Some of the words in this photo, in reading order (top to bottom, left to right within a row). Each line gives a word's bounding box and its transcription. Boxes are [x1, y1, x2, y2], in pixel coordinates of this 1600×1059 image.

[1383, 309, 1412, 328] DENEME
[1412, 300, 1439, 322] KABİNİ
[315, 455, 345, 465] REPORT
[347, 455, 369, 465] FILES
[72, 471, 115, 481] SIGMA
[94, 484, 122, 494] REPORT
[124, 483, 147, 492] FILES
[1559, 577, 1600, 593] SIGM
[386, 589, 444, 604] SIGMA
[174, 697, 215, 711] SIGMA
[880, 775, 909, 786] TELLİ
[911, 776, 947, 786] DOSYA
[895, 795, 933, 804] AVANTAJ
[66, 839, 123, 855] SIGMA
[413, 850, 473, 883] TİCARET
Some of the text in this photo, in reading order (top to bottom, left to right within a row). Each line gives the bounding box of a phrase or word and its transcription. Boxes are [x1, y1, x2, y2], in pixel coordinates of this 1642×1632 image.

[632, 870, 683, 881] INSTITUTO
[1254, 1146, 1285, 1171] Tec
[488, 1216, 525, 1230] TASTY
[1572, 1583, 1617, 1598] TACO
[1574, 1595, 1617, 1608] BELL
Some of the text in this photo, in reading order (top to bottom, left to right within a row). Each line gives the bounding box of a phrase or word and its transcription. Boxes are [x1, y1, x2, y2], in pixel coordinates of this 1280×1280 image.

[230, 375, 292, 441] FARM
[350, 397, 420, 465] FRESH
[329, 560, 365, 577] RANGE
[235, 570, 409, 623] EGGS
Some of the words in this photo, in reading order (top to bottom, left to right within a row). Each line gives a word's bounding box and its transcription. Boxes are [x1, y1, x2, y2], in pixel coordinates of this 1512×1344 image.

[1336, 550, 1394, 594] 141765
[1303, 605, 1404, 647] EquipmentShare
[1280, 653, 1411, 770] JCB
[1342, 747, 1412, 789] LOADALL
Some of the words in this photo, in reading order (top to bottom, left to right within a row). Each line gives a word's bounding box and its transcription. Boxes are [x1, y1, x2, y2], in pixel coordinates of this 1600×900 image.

→ **The task**:
Your answer should be the data above, retyped exactly.

→ **Written reply**:
Some of the words in this photo, in reading order (top to bottom, left to right within a row). Each line gives a word's bounding box and its transcription. Boxes are [x1, y1, x2, y2], in pixel coordinates of this 1600×1059 image.

[1383, 309, 1412, 328] DENEME
[1412, 300, 1439, 322] KABİNİ
[315, 455, 345, 465] REPORT
[347, 455, 369, 465] FILES
[72, 471, 115, 481] SIGMA
[94, 484, 122, 494] REPORT
[124, 483, 147, 492] FILES
[1559, 577, 1600, 593] SIGM
[386, 589, 444, 604] SIGMA
[174, 697, 215, 711] SIGMA
[880, 775, 909, 786] TELLİ
[911, 776, 947, 786] DOSYA
[895, 795, 933, 804] AVANTAJ
[66, 839, 123, 855] SIGMA
[413, 850, 473, 883] TİCARET
Some of the text in this photo, in reading order (top to bottom, left to right within a row). Each line gives the bounding box of a phrase or word and its transcription. Boxes are [x1, y1, x2, y2], in pixel coordinates of this 1642×1632 image.

[632, 870, 683, 881] INSTITUTO
[1254, 1146, 1285, 1171] Tec
[488, 1216, 525, 1230] TASTY
[1572, 1583, 1617, 1598] TACO
[1574, 1595, 1617, 1608] BELL
Some of the text in this photo, in reading order (top to bottom, left to right within a row). Each line gives the bounding box of a phrase or word and its transcription. Boxes are [x1, y1, x2, y2], in pixel coordinates of this 1280×1280 image.

[230, 375, 292, 441] FARM
[350, 397, 420, 465] FRESH
[329, 560, 365, 577] RANGE
[235, 570, 409, 623] EGGS
Some of the words in this photo, in reading order (top to bottom, left to right within a row). Each line gives a word's bounding box and its transcription. Boxes are [x1, y1, x2, y2], in pixel coordinates of this 1512×1344 image.

[1336, 550, 1394, 594] 141765
[1303, 605, 1404, 647] EquipmentShare
[1280, 653, 1411, 770] JCB
[1342, 747, 1412, 789] LOADALL
Some of the words in this photo, in reading order (top to bottom, left to right within a row). Each line gives a word's bounding box and its transcription. Boxes are [x1, y1, x2, y2], in pixel coordinates of this 1600×900 image.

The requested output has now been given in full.